Copy exactly the line that contains "this 1280×960 image." plus all remaining lines of the data, and leave out every line before it.
__________
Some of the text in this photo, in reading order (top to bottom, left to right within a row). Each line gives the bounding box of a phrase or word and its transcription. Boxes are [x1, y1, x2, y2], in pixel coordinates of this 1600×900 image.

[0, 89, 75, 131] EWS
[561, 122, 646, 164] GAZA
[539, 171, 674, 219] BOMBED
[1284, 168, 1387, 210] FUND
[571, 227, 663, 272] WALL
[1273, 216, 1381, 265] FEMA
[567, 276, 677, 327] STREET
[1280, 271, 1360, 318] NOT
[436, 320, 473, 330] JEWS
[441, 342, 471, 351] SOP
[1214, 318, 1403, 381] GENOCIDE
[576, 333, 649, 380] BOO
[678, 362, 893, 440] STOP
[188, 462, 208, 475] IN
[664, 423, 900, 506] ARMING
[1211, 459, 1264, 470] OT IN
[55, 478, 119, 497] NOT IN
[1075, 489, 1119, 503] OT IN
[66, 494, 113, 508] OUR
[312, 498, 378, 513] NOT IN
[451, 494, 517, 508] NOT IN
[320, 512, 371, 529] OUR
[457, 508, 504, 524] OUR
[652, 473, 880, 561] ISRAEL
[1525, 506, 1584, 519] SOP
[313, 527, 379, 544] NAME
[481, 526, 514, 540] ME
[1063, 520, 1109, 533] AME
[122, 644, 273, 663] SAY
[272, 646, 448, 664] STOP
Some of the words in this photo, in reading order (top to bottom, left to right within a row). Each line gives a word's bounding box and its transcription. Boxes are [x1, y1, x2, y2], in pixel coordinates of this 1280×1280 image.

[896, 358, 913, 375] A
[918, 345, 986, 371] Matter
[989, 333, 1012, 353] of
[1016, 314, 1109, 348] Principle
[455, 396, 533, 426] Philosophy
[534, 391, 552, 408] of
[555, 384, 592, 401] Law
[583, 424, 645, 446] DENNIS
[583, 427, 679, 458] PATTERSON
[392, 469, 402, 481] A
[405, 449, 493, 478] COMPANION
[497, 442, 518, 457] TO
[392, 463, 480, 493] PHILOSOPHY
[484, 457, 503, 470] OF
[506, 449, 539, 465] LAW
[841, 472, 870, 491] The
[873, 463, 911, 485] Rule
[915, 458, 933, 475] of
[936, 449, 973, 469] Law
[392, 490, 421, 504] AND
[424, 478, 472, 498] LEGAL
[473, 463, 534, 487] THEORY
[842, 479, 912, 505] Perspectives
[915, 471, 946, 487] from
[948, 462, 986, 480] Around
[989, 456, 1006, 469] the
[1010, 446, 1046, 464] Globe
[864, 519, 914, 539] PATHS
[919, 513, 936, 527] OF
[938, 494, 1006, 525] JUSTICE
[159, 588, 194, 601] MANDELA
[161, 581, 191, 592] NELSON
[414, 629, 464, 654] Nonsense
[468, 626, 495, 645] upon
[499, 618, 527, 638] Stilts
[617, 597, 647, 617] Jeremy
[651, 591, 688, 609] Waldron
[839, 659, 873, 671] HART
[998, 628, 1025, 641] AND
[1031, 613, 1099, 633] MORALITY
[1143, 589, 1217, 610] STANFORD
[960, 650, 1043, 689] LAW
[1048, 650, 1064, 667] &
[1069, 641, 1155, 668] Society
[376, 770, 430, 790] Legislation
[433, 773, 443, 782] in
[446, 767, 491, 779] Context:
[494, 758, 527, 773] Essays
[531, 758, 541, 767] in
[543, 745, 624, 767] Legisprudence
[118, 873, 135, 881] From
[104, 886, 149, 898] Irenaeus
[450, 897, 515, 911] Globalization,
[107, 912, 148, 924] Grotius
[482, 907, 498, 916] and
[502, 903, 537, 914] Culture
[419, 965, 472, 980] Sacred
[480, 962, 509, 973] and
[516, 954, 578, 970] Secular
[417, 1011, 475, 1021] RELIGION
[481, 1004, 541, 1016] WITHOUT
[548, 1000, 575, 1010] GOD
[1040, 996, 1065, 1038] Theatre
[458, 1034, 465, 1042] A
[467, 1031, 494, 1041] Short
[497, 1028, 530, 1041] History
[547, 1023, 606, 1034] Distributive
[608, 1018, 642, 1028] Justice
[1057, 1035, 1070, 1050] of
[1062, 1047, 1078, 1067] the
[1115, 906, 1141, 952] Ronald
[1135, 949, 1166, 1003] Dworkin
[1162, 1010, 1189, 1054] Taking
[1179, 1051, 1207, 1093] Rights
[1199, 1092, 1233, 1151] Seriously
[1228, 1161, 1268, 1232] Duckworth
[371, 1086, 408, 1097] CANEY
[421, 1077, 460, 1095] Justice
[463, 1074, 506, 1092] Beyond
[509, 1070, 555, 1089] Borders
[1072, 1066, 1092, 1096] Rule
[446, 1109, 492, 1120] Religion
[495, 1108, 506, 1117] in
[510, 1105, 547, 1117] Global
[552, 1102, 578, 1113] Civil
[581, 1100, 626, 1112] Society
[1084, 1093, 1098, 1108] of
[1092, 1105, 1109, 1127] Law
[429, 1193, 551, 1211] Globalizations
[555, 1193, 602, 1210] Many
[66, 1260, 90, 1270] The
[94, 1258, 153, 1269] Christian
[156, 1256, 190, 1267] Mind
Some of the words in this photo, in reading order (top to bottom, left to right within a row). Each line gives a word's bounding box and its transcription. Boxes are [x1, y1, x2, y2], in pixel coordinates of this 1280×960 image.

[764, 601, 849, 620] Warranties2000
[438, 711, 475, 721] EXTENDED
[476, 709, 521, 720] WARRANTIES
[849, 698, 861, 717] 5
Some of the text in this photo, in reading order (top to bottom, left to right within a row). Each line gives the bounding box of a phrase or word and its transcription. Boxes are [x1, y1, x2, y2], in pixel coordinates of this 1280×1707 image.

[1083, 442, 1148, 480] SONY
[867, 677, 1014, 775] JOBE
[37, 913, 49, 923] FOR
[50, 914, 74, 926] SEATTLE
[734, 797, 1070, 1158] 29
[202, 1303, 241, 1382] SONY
__________
§ **Answer space**:
Some of the words in this photo, in reading order (top to bottom, left to right within a row). Each line gives a word's bounding box and its transcription. Boxes are [x1, y1, x2, y2], in pixel coordinates of this 1280×960 image.

[764, 601, 849, 620] Warranties2000
[438, 711, 475, 721] EXTENDED
[476, 709, 521, 720] WARRANTIES
[849, 698, 861, 717] 5
Some of the text in this photo, in reading order (top to bottom, left to right within a row). Each line gives the bounding box of a phrase or word and its transcription. Boxes are [x1, y1, x2, y2], in pixel coordinates of this 1280×1707 image.

[1083, 442, 1148, 480] SONY
[867, 677, 1014, 775] JOBE
[37, 913, 49, 923] FOR
[50, 914, 74, 926] SEATTLE
[734, 797, 1070, 1158] 29
[202, 1303, 241, 1382] SONY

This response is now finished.